6. It is great to be in love but not all men are worthy of your love. They will use you and do their best to undermine all the confidence you have built. They will try to convince you that you are less than other women and should feel grateful they love you. They won’t beat you with their fists, but they will use words, mind games, your own insecurities to their benefit. Learn about narcissistic personality disorder. Learn to spot their traits because if you don’t, you are destined to make a huge life mistake.

7. Beautiful things are wonderful. Living in a big house is great. A luxury car is nice but things are not what makes life wonderful. Fill your life with memories, not with things. You will be able to keep the memories for a lifetime but things wear out, get lost, go out of style or you just tire of them. And if your happiness is based on things, you’ll never have enough. The empty hole you are trying to fill will never be full.

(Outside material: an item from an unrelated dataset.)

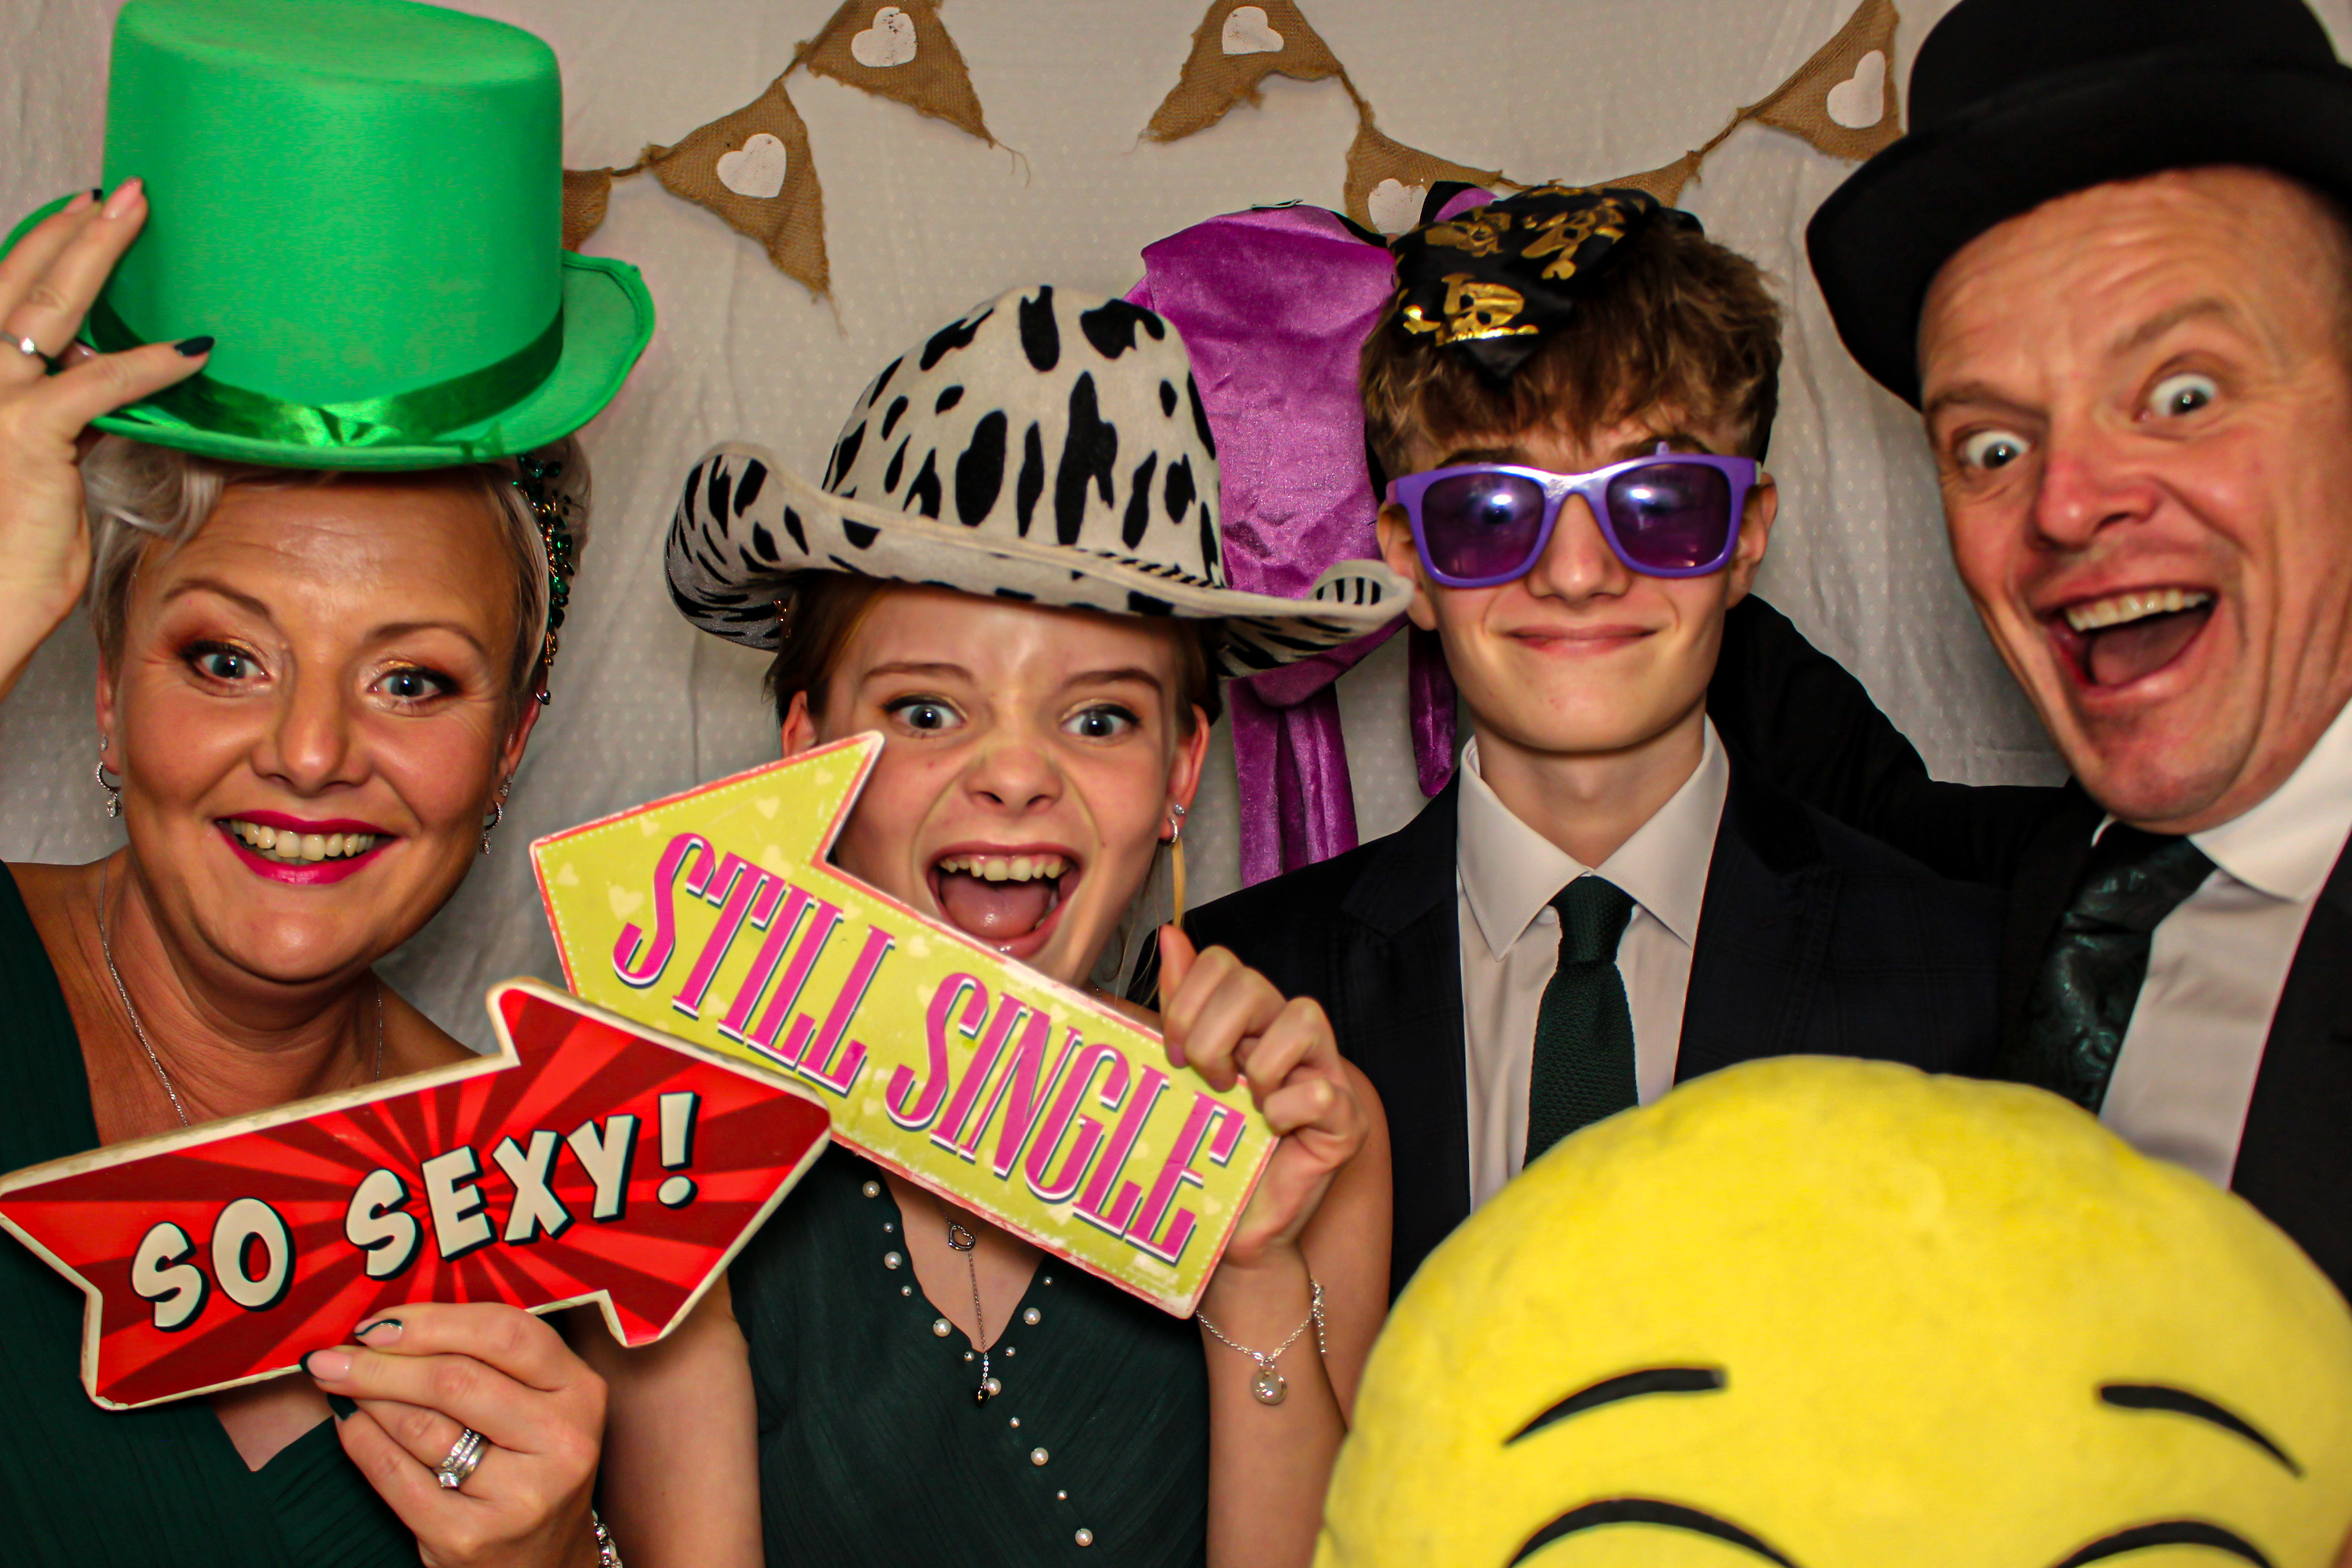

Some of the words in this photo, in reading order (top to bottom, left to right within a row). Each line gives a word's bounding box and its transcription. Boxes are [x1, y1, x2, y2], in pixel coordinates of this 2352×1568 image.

8. Trust God’s plan. I know sometimes you like to get ahead of yourself. You want to help God out and take care of things for Him. It is not necessary. That doesn’t mean to sit around and do nothing. What it does mean is to surround yourself with Godly men and women, find a church home, get involved, spend time in God’s word. Take time to be quiet and listen. It is the only way to hear Him.

9. Be creative. Learn to play an instrument. You don’t have to be perfect at it, but learn it anyway. Try painting, writing, sewing etc. Keep your creative juices flowing. Your creativity is one of your greatest gifts. Don’t let fear stop you from going down that path.

10. Know that you are loving, kind, compassionate, empathetic, fun, beautiful, smart, a life long learner, a truly wonderful person. Never question your value.

You are probably shaking your head and thinking who is this person. Why is she telling me all of this stuff? What does she know that I don’t know? I am you. I allowed insecurities, fear and a narcissistic man to destroy my very core being. I am now having to rebuild it ground up at age 55. I can say he gave me the two greatest gifts in my life, my two daughters. If you make different choices he won’t be in your life, but I am confident God will still send you the same two wonderful girls so don’t feel any pressure to marry quickly. Save this letter. Read it daily if you must. Memorize it. Hold on to it. It will change your life.